そういうのって、「ここは、こうしよう」と意識するとわざとらしくなってしまうので、思わずポッと出てしまうとか、そのくらいで考えています。1話1話に「このセリフ、いいな」と思うところがあって、そこはちゃんとやりたいな、と考えているけれど、鋼太郎さんも面白くしてくるから、2人ともやっているとしつこくなっちゃうかなと。
釜じいとはラブラブです

——夫である釜次にはビシッと言ったりするところがありますね。
でも、釜じいとは意外とラブラブで。いつも仲良くしていますね。釜次さんが怒鳴ったりして、それを「もう、あんたは」と止めたりもするけれど、愛がありますからね、あの2人には。吉田鋼太郎さんとは、収録以外でも楽しい時間を過ごさせてもらって、いつも一緒にスタジオの前室で話をしていたり。
——のぶ役の今田美桜さんも蘭子役の河合優実さんもメイコ役の原菜乃華さんも、みんな「くらばあがイチ推し」とおっしゃっていました。
嘘ぉ!? またまた、そんなことないですよ。あの3人がめちゃくちゃかわいいし、その子役さんたちもまた、かわいいんですよ。だからもう、本当に愛せる孫3人、という感じです。あんな美人三姉妹の孫がいたら、それは幸せですよね。
「あんぱん」は、現代に必要な“家族の物語”

——この「あんぱん」ならではの家族の距離感については?
昔は家族みんなが一緒に住んでいたし、携帯電話とかもないわけですから、ちゃんとコミュニケーションがあって、それぞれの行動もわかっていたという良さがありましたよね。今だと、それこそ携帯を持って自分の部屋に入ってしまったら、何をしているかわからないような時代じゃないですか。そういう意味では、やっぱり昔のほうが家族の結びつきは強かったと思うし、あんなふうに大人数で住む、ということは必要なんじゃないかなとか思っちゃいますよね。今はもう、核家族化しすぎだと思います。
——浅田さんご自身がデビューされたころは家族ドラマが全盛で、そこでお茶の間の温かさを伝えていたような気がします。
そうですね。家族の温かさって、お芝居だけでは、出づらいような気がするんですよ。演者同士が本当にある程度仲良くないとね。このチームは本当に仲が良くて、みんな和気藹々としているから、その良さが出ていると思いますね。特に朝田家に関しては。大したことじゃなくても「昨日、何食べた?」みたい会話とか、そういう普通の感じで居られるから。
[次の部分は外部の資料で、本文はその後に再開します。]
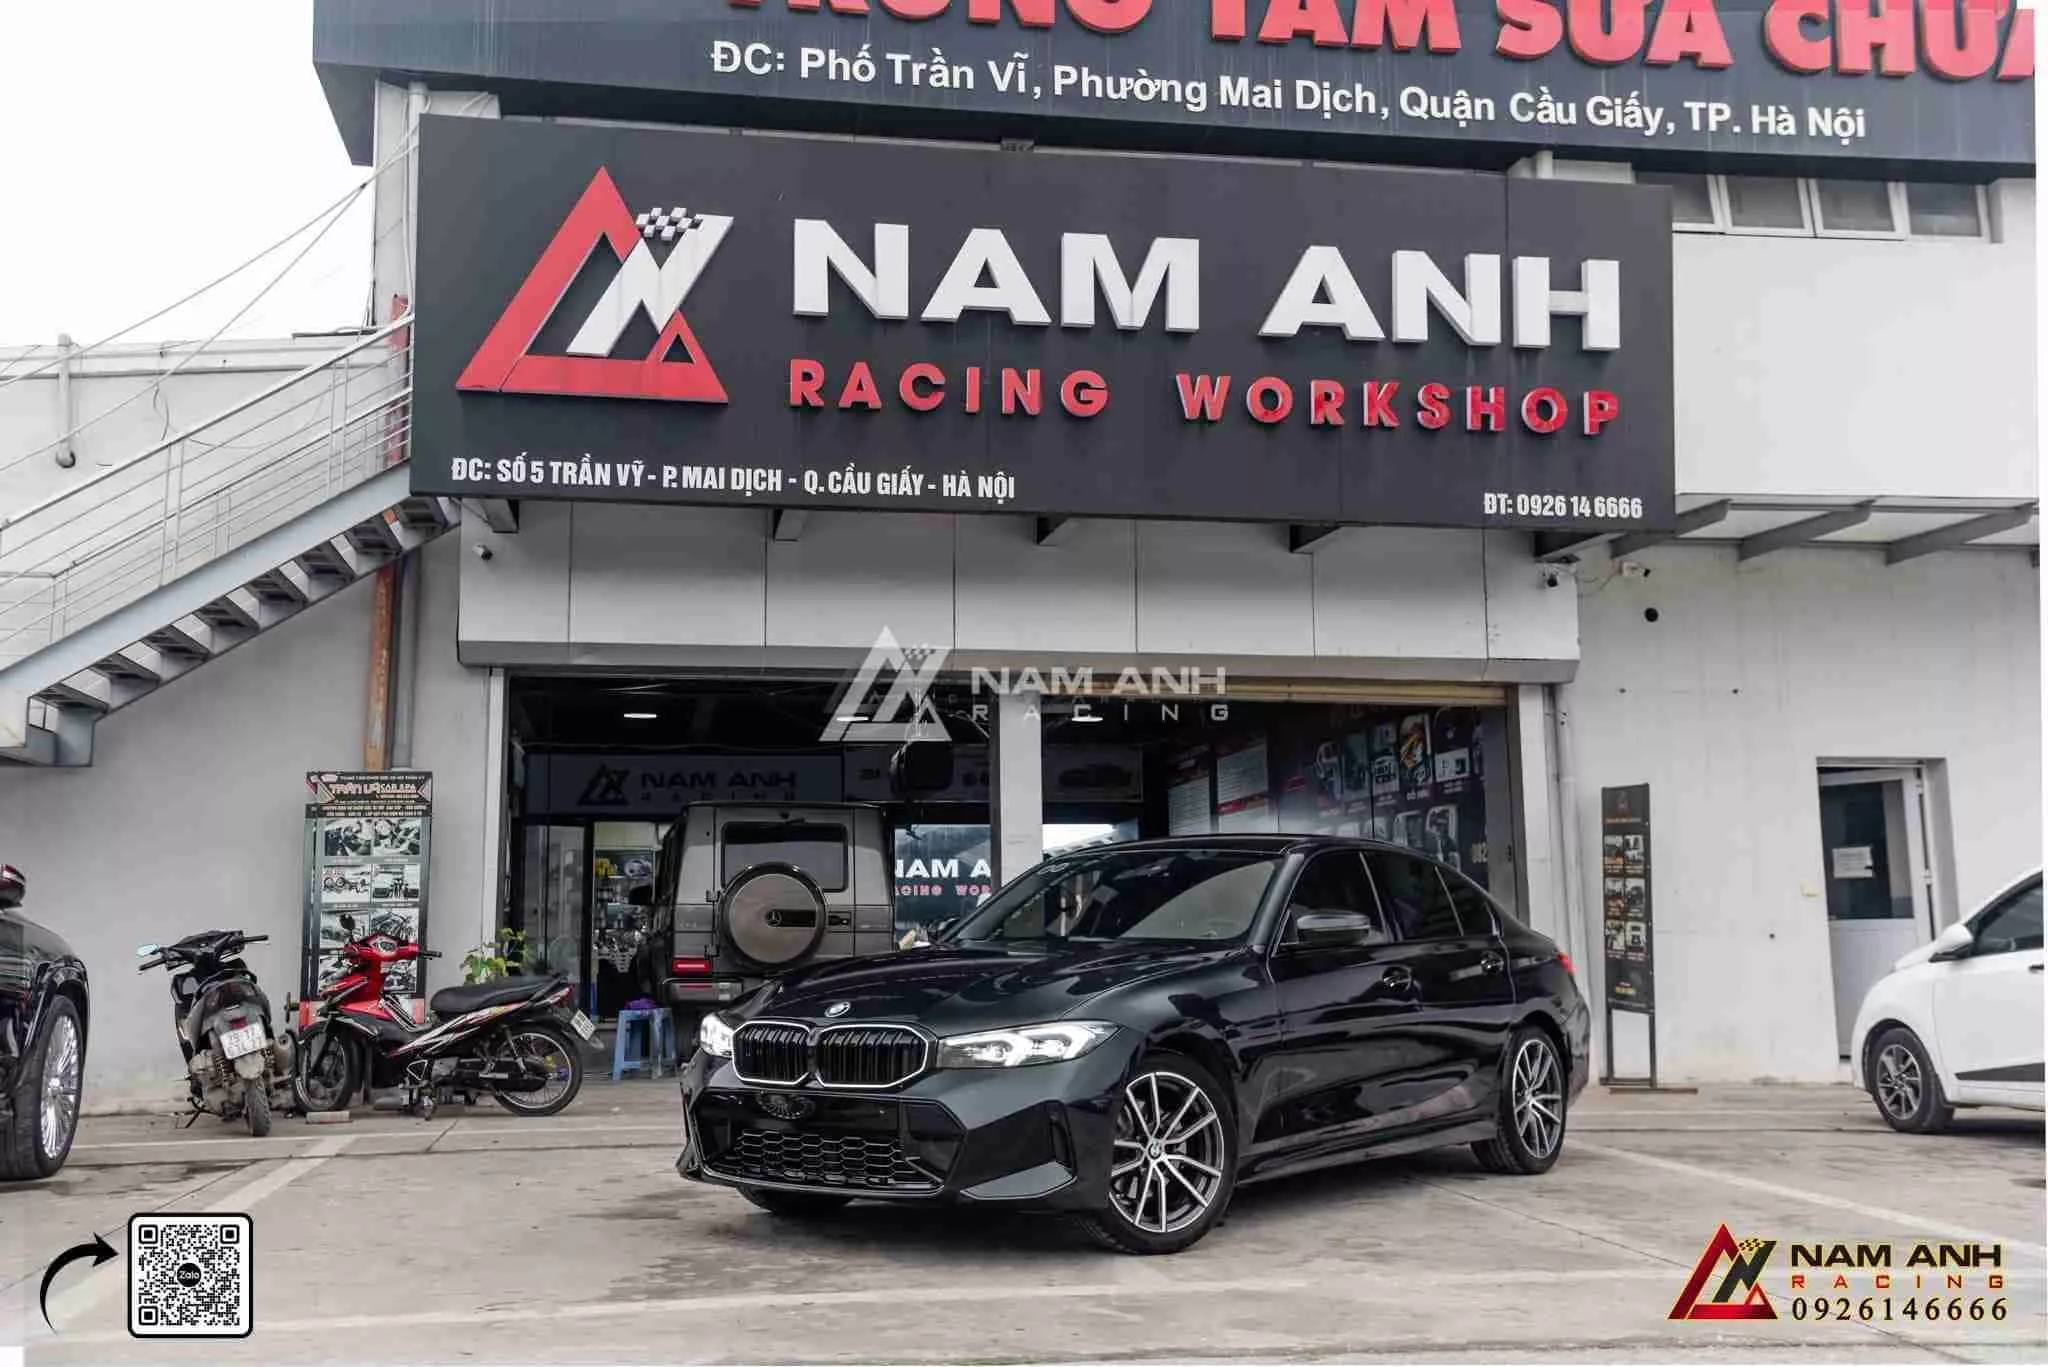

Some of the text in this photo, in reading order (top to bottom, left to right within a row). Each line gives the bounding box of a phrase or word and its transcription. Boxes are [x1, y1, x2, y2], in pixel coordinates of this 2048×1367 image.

——そこで生まれる家族の雰囲気が、画面からも伝わってきますね。
そういうことも合わせて「あんぱん」を通して、「あ、家族っていいな」と思ってくれる人が増えたらいいなと思うんですよ。今の世の中はね、親が一生懸命に働いて大学に進学させてくれて、一流企業にまで入れたのに、後は全然無視みたいな人が多くて、冷たすぎると思っているんです。そういう意味でも、東京に出てきて実家の家族ともずっと会ってなかった人たちにも「ちょっと田舎に帰ってみようかな」と思ってもらえたらうれしいですね。